Wed10222014

Food & Wine

Inn adds majestic view to great dining

Photo Steve Hicks/Special To The Town Crier Craig von Foerster has been chef at Post Ranch Inn's Sierra Mar restaurant since 1998.

 

I was lucky enough to return recently to Big Sur’s Post Ranch Inn for lunch and a wine tasting. Several years ago I was there during a big storm, which rolled in as we were eating and was quite an unforgettable experience. The drive home was memorable as well, with Highway 1 littered with boulders and rocks brought down by the ferocity of the wind and rain.

This year the trip was during perfect weather, and the experience was different. For some reason, I am usually the driver and I don’t really mind, but I did not drive this time. Driving this route demands attention, so the driver misses a lot – but as a passenger, it is a glorious trip. I was able to see even more than usual as we were in a very slow line of many cars following a tanker truck that for miles refused to pull over.

 

The theme for the lunch was wine from Spain’s Rioja region, where the Tempranillo grape is the predominant varietal and considered Spain’s noble grape. “Tempranillo” translates to “the early one,” as the grape ripens early and does well with a short growing season. The grape has a thick skin, and consequently the juice tends to be on the tannic side and often requires considerable aging to balance.

Rioja has a northerly climate, and only two or three vintages per decade will have a growing season sufficient for an outstanding vintage. It has long been thought it is a distant clone of Pinot Noir, though recent DNA tests have cast doubt on its origin. Tasting the wines, Pinot Noir would never be the first guess. The wines tend to have flavors of tobacco, leather, plum, cherry and cassis. Sounds and tastes like a Bordeaux blend to me.

Riojas come in three classifications: Crianzas are aged for two years, Riservas for three and Gran Riservas for five or more. One can buy a decent Crianza like a Marquesa for less than $20 or spend upward of $200 for a Muga Rioja Aro.
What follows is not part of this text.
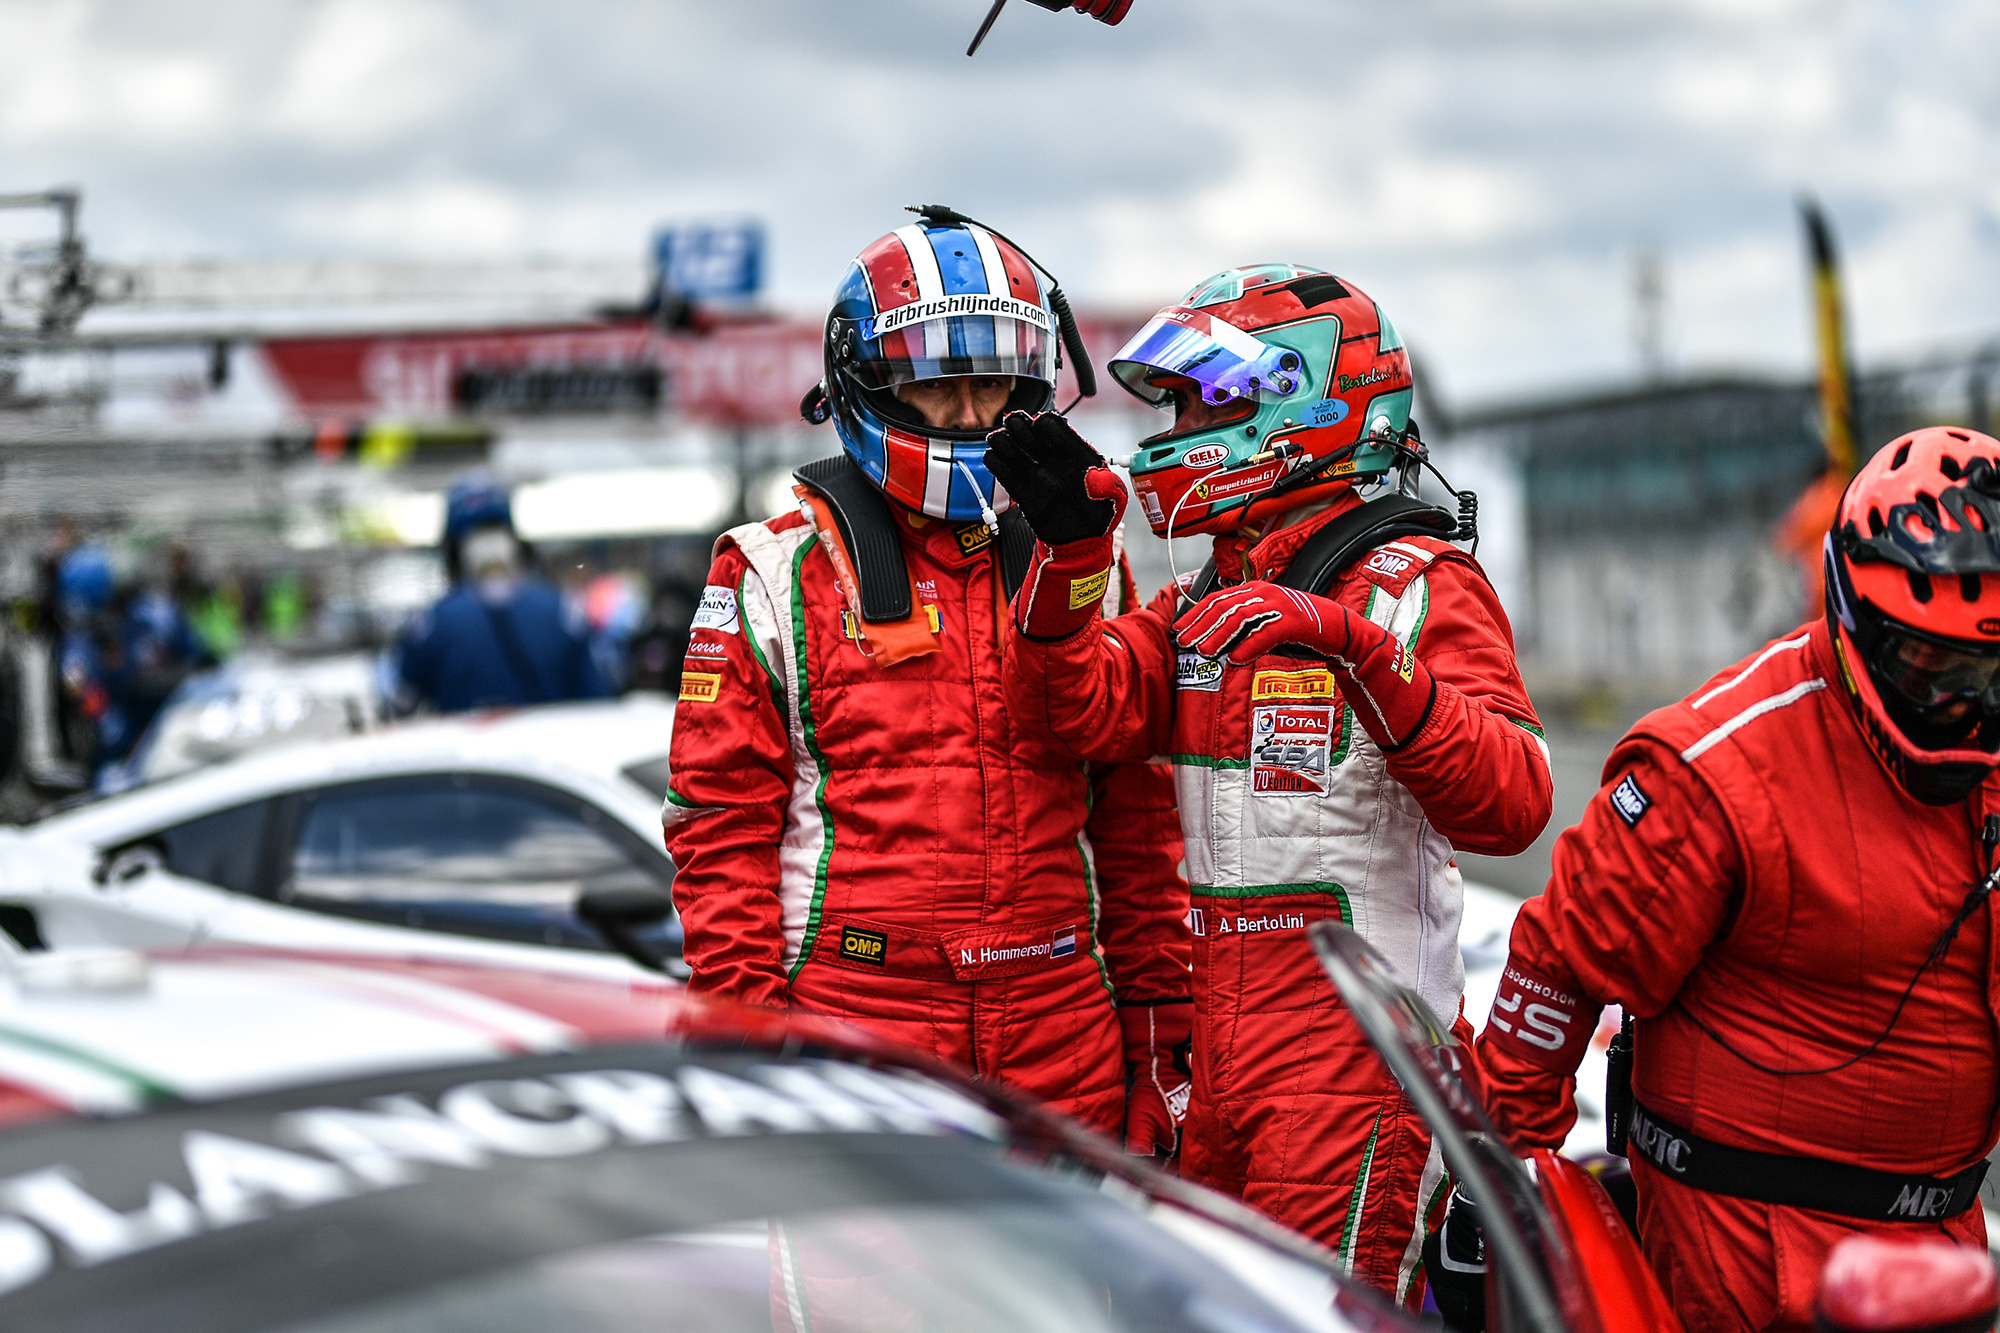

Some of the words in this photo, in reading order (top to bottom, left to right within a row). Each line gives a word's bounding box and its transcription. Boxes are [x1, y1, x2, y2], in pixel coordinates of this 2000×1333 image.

Check out the Spanish section where you buy your wine and you will find many very good wines for less than $20, some less than $15.
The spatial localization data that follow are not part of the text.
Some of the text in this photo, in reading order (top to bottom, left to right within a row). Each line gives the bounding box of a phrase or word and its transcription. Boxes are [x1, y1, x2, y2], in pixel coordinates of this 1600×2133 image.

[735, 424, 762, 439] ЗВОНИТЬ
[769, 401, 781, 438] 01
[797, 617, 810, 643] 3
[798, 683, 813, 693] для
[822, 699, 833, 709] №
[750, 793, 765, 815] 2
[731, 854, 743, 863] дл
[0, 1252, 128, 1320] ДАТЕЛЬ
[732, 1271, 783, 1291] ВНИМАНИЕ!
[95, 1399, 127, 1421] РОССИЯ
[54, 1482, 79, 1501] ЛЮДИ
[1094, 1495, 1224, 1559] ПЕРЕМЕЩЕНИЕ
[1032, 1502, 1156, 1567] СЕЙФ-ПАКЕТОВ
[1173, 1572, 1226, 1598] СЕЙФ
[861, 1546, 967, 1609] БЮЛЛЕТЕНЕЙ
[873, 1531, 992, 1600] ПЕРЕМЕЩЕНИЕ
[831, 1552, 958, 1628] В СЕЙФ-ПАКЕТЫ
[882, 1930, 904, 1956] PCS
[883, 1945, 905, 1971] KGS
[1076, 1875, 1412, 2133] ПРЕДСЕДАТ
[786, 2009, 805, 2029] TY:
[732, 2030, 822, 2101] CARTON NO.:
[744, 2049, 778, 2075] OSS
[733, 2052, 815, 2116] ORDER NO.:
The view up and down the coastline seems to go on forever on a clear day. We were even treated to the sight of a California condor flying by, which looked more like a small airplane or a hang glider than a bird. Food and wine just seem to taste better in a Post Ranch setting. Craig von Foerster has been the chef at the Ranch’s Sierra Mar restaurant since 1998. He outdid himself for this lunch. Sweetbreads in a Madeira reduction sauce with chanterelles followed sliced chicken sausage on a bed of risotto. The main course was boneless short ribs with rare slices of rib eye on hash with quail eggs.

Brown-bagged flights of Rioja accompanied the courses. There were 16 wines, and the clear winner was a 1995 Bodegas Mayor de Migueloa “1619” Gran Riserva. I didn’t love it – my notes said it was old and over the hill – but everyone else seemed to like it. My favorite turned out to be an older wine also, a 1994 Vina Valoria Gran Riserva. It did not show its age, and I found it to be elegant and balanced. The group picked it second. You can still buy these old wines for approximately $40.

This wonderful spot for lunch is no more than a two-and-a-half-hour drive. There is an extensive wine list, the food is always terrific and the view is always great, rain or shine.